Tuesday, January 1, 2013

Today Is A New Day - Just Like Tomorrow



Today is the first day of the new year. Three hundred and sixty-six days (leap year guys) from the day we collectively looked at 2012 as a new beginning and celebrated the possibilities of that new beginning. Taken on its own, it is no different than tomorrow or the next day. Today’s significance is arbitrary; based solely on our current system of measuring the earth’s trip around the sun.

There is nothing magical about this day. Nothing about today will make me a better person. That better person has to be created inside of me; I cannot rely on the day itself.

Besides, that is a lot of pressure for one day. Just like that, I am supposed to change into this idealistic version of myself. A few hours ago I was a disappointing version that was inexcusably flawed, but now I am going to be perfect from today on!

Not that I don’t see the benefit of having a day like today in our culture. It is good to have a tangible starting line. But it might be beneficial to look at each day as a new beginning; a chance to inch toward that person you eventually wish to become so that it becomes more like a process and less like an ultimatum.

I do like to use today as a starting line though. It is convenient, even if it is arbitrary.

Last year, like the past seven years, I made a series of goals to be achieved in 2012 in an effort to inch toward the person I wish to become. Today is the day for me to reflect on the progress toward those goals and set new goals for the possibility that is 2013.

Last year’s goals were to:
  • Not have any energy drinks – Done. I did not have a single energy drink last year and I feel really good about that.
  • Only have one soda a week – Well I made it to June on this one, but slipped when I needed a little extra caffeine to work through a four day leadership seminar with only five hours sleep in four nights. An understandable slip. I tried a few times to start over with it, but I gave up after several slips in the following months and decided to wait for the new starting line and asses the goal at this time.  It may come down to an all or nothing attitude with these kinds of items.
  • Lose the 20 pounds I’ve gained since I broke my knee – I actually lost 30 pounds by June!  Grant it I have since gained 10 pounds, but that puts me at 20 pounds and a success in my book.
  • Write a blog once a week – I managed to pen 36 entries here last year. Given that there are 52 weeks in a year, I ended up being 8 shy of my goal. But the idea behind the goal was to write more and get my thoughts, memories and experiences on paper (so to speak) so that I would always have them. I took a stroll through some of them over the last couple days and came across several items that I had already forgotten had happened. However mundane some of them might have been, they would have been lost forever but now I will always be able to remember this time in my life . . . so I consider 36 entries a success.
  • Write a Novel in November – As November crept up on me, I found myself stressing about this item a lot. I didn’t like that pressure so as other items that I wanted to do built up around me, I decided to back off that goal.  Maybe one day I will write a novel and maybe I won’t.  Right now it is just not a priority and if it does become a priority, I don’t believe setting such a stringent deadline will be appropriate for me.  But I did get a few ideas for a story out of it and I did get to share a couple shorter stories with you all.
It certainly was not my most successful year in terms of reaching the goals that I have set out for myself, but it was forward momentum. That forward momentum is always a success in my book.
Now I must evaluate my progress and decide what my goals for this year should be. After careful thought throughout the year, I have decided on the following.
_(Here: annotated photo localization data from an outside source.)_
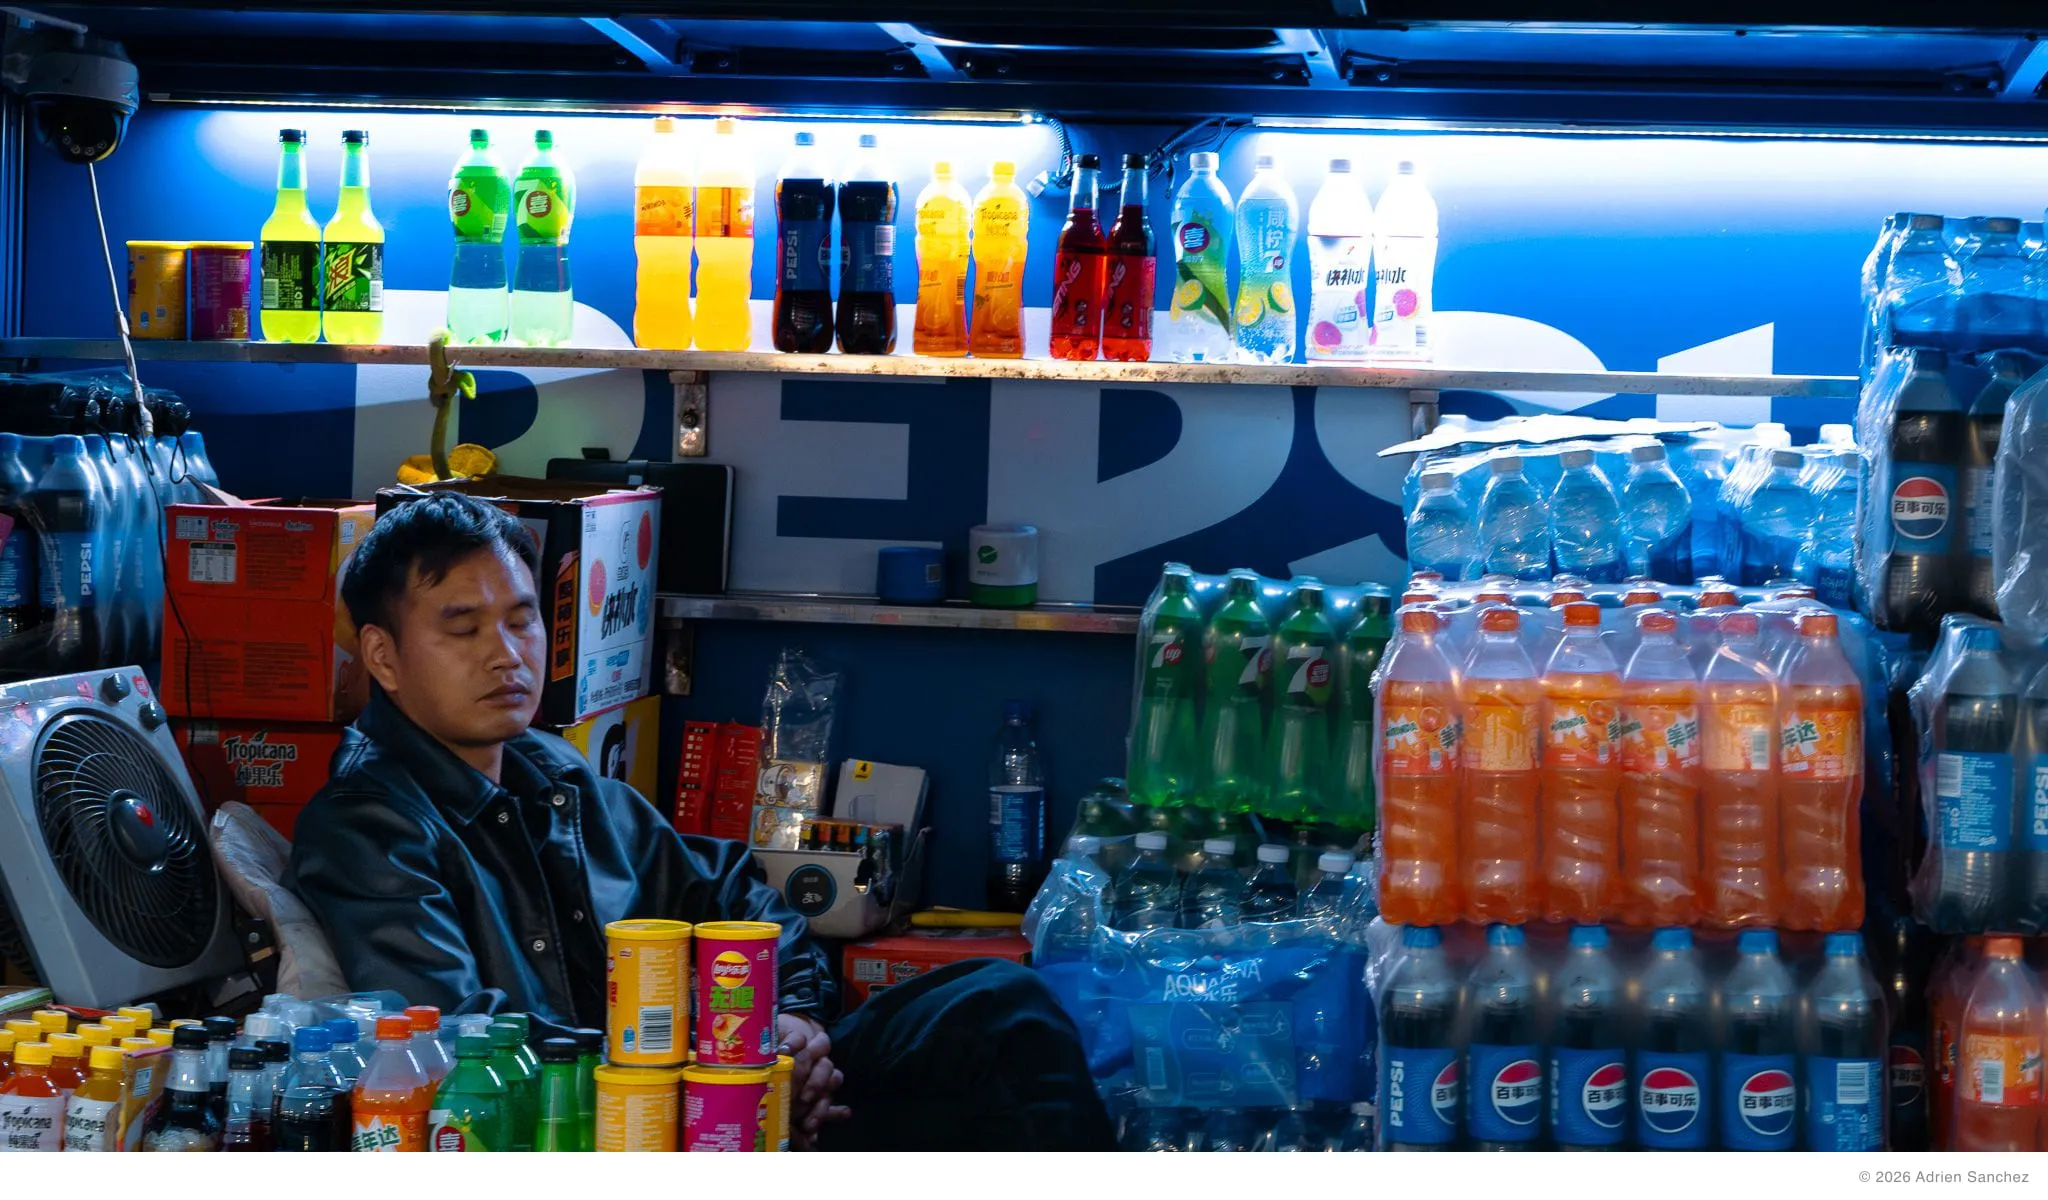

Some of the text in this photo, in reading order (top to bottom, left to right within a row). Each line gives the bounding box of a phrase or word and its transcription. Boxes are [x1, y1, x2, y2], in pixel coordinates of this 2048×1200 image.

[786, 230, 798, 280] PEPSI
[1894, 500, 1948, 515] 百事可乐
[81, 543, 92, 596] PEPSI
[223, 730, 298, 763] Tropicana
[1390, 1060, 1404, 1127] PEPSI
[1642, 1090, 1696, 1107] 百事可乐
  • One soda a week – I have a new approach that I wish to try to see if I can make this happen or determine if moderation just is not an option for me when it comes to soda
  •  No beer – I am not nixing all alcohol from my life this year. But I recently found out I had an allergy to baker’s yeast. Apparently there is a difference between baker’s yeast and brewer’s yeast and I did not test positive for a brewer’s yeast allergy. But I am still having issues that I believe are allergy related that I have yet to get under control. So this is an experiment to see if I feel better with no brewer’s yeast in my system too.
  • Visit my grandparents in Colorado at least once – It is really bad that it has come down to making this an actual goal. But I have created quite a busy life for me and that has led to me taking for granted that they are there.  I need to make more of an effort to spend time with my family and this is part of that determination.
  • Visit my grandma at least 6 times – I envision an every other month sort of deal here for the same reasons stated previously
  • Visit my sister in Australia – My sister is taking a year to study in Australia!  I had a friend working over there for awhile and was to slow to take advantage of that opportunity to see a new place. I will not make that mistake twice.
  • Catalog my music - I am to the point where having a list of all the music I have and the mediums I have them in would be convenient - and it sounds like a lot of fun!  
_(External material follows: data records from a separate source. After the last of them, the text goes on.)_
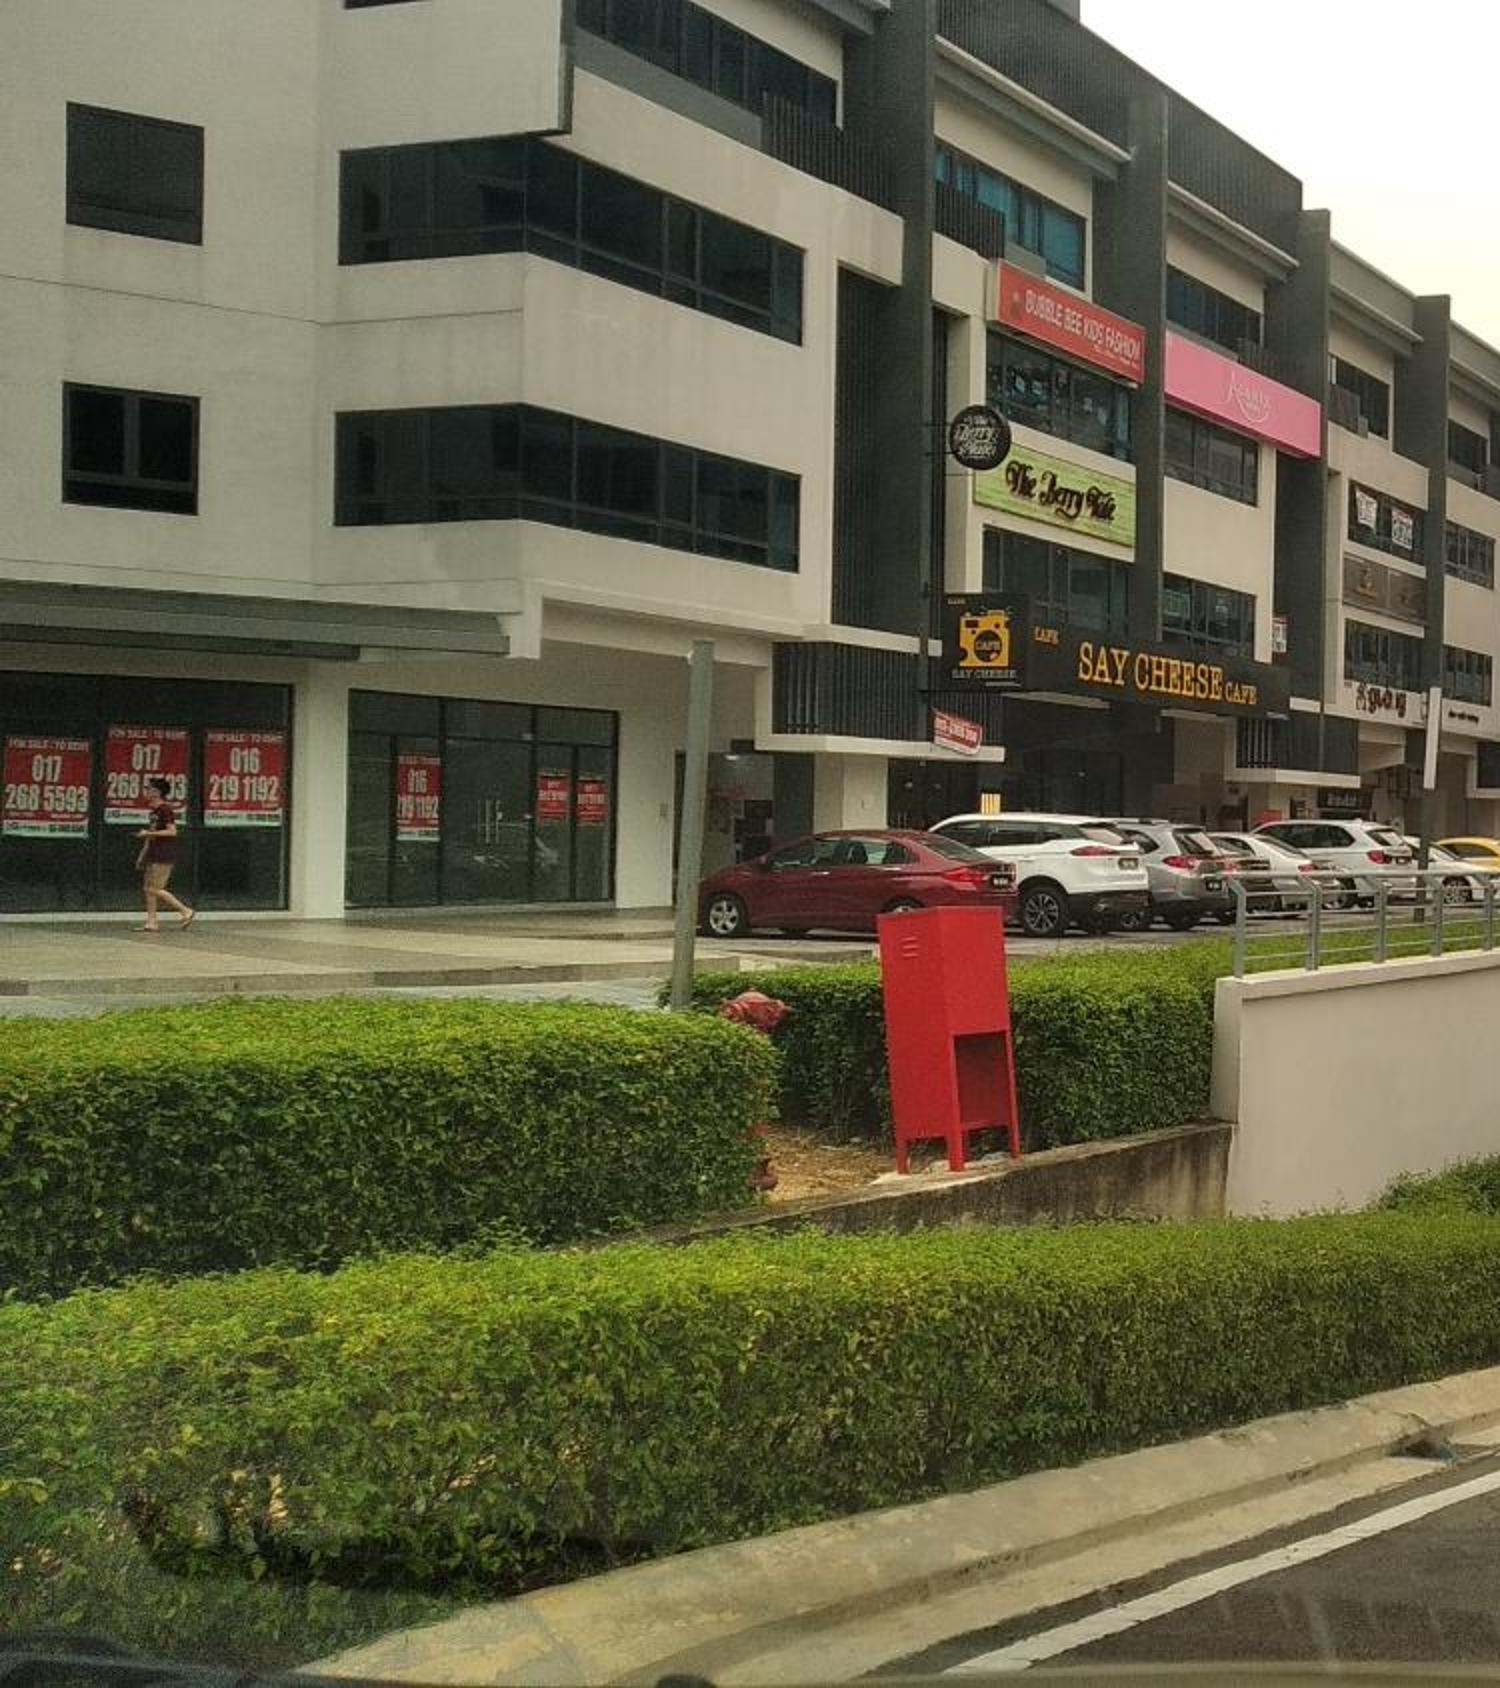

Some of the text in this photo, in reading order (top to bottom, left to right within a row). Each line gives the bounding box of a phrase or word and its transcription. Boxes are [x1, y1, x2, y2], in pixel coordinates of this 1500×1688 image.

[1025, 289, 1063, 328] BUBBLE
[1063, 308, 1083, 335] BEE
[1083, 317, 1105, 345] KIDS
[1105, 326, 1141, 360] FASHION
[1005, 460, 1037, 499] The
[1039, 470, 1085, 519] Berry
[1078, 641, 1257, 704] SAY CHEESE CAFE
[32, 754, 62, 782] 017
[132, 743, 161, 770] 017
[230, 747, 260, 774] 016
[5, 783, 89, 813] 268 5593
[107, 772, 140, 799] 268
[209, 775, 280, 801] 219 1192
And that is that. I made no goals to continue in any manner with this blog.  It is my hope that I will continue to use this medium, but maybe it won’t be as often. Certainly I would like to do the same semi-daily updates for my trip to Australia that I did with my European adventure. I guess time will tell.

Either way, I don’t think I will be posting the links to each post on my social media feed.  I got a little uncomfortable with the ‘hey look at me’ perception that I felt from doing that. Those that are interested know it is here. It has been a worthy adventure and I thank you all for sharing it with me.